Fighting anorexia nervosa
Acceptance of an eating disorder is the first step to recovery. The second is to actively want to get better. Sustainable recovery is only possible if you choose it. But it’s incredibly hard, anorexia nervosa becomes your friend. The anorexic voice (something which still requires more research to fully understand) feels comfortable, familiar, safe, you come to cling to the very thing which is killing you and you are blind to what it is doing to your mind and body.
It took me months before I properly engaged in recovery and decided that I wanted to fight this illness, that was the turning point for me.
The hidden causes of my illness
Once I did engage in treatment, I began to unearth the potential causes of the disorder.
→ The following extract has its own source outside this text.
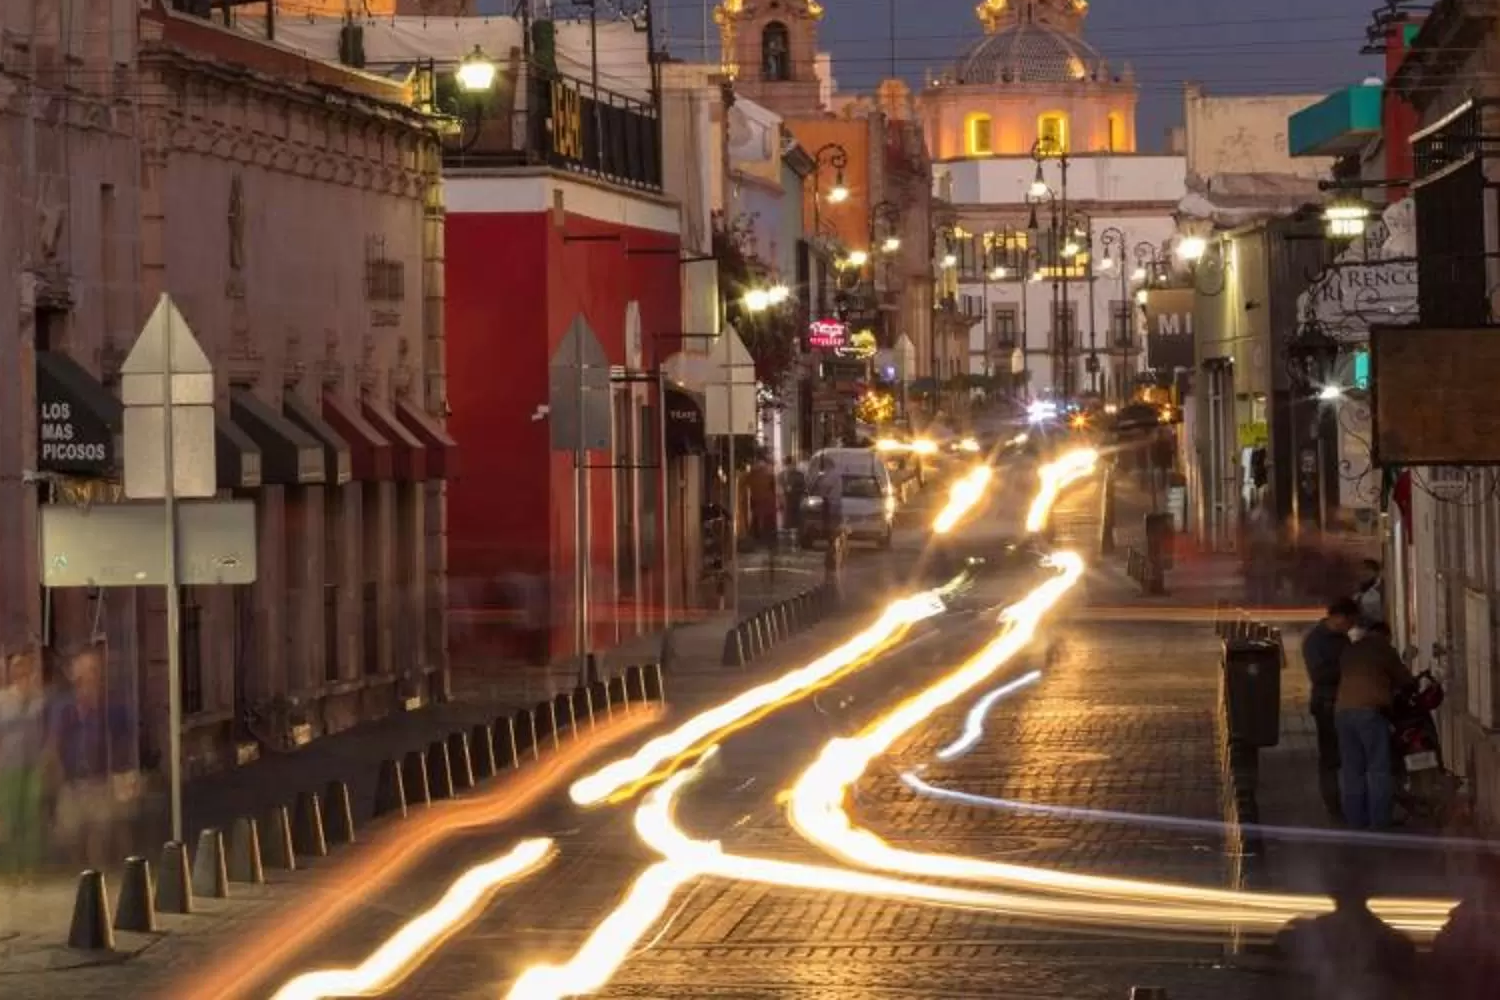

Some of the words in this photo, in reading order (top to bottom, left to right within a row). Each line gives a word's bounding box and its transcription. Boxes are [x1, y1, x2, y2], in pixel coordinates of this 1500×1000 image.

After weeks and months of psychological therapies, I began to understand why the disorder had developed. Anorexia nervosa became a way to manage myself in an uncertain and anxiety-provoking world.
I had always sought to control myself and my world because there was a part of me which scared me, which I didn't want, which didn't fit to how I thought I was supposed to be… I am gay. I sought to hide this side of me through control: control of work, control of money, and then food.
And the anorexia also gave me the opportunity to punish myself for not being the 'good' person I thought I was supposed to be. It numbed my emotions.
Without the incredible support and help from the Yorkshire Centre for Eating Disorders, I would never have got this far in my recovery: I probably would never have accepted recovery as an option. Many people don't, which is sad, but I can understand why.
Why people need help early on
Early intervention is essential for eating disorder recovery to be successful: the longer you live with the illness, the harder it is to fight. But ultimately, if we want to beat this illness, we have to diagnose early.
That’s why Dr Clare Llewellyn’s work really excites me – she’s understanding why eating disorders emerge. This knowledge offers hope for early detection.
We need GPs to be more aware of the warning signs and pathways for treatment and schools to be more aware of their students. There needs to be a lot more awareness and understanding among the public and young people.
Treatments are not one-size-fits-all, we need approaches that look at the individual and more research into how we can personalise support.
Eating disorders are not a choice: they are a life-threatening illness, we must find new ways to tackle them to save lives.